» Directions
Once the pictures have been set aside, copy every remaining entry exactly.

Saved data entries
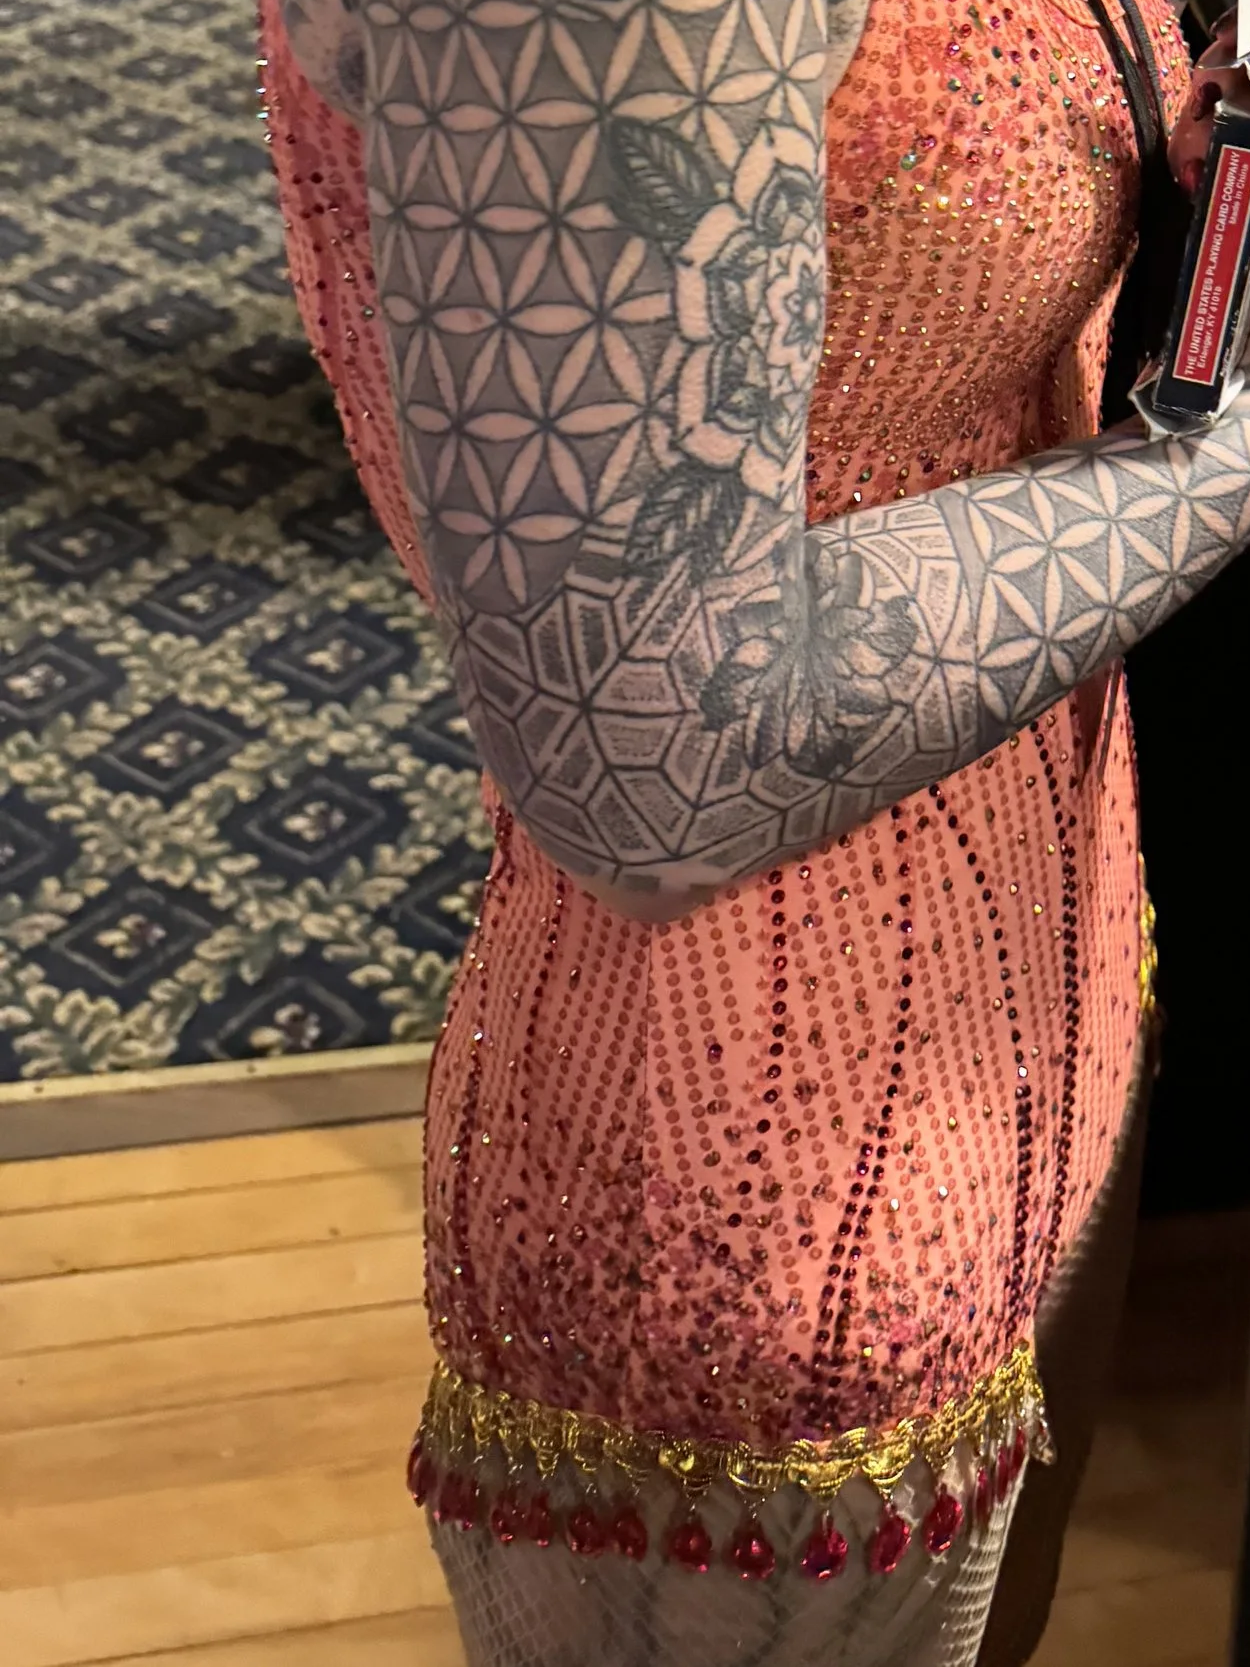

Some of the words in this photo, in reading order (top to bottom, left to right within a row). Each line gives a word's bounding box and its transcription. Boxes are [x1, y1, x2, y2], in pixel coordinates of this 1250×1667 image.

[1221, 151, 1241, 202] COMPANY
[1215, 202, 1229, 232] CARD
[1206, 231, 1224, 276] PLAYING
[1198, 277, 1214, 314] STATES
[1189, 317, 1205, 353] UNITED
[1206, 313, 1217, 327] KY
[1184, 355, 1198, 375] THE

» Exercise solution
Some of the words in this photo, in reading order (top to bottom, left to right within a row). Each line gives a word's bounding box and its transcription. Boxes are [x1, y1, x2, y2], in pixel coordinates of this 1250×1667 image.

[1221, 151, 1241, 202] COMPANY
[1215, 202, 1229, 232] CARD
[1206, 231, 1224, 276] PLAYING
[1198, 277, 1214, 314] STATES
[1189, 317, 1205, 353] UNITED
[1206, 313, 1217, 327] KY
[1184, 355, 1198, 375] THE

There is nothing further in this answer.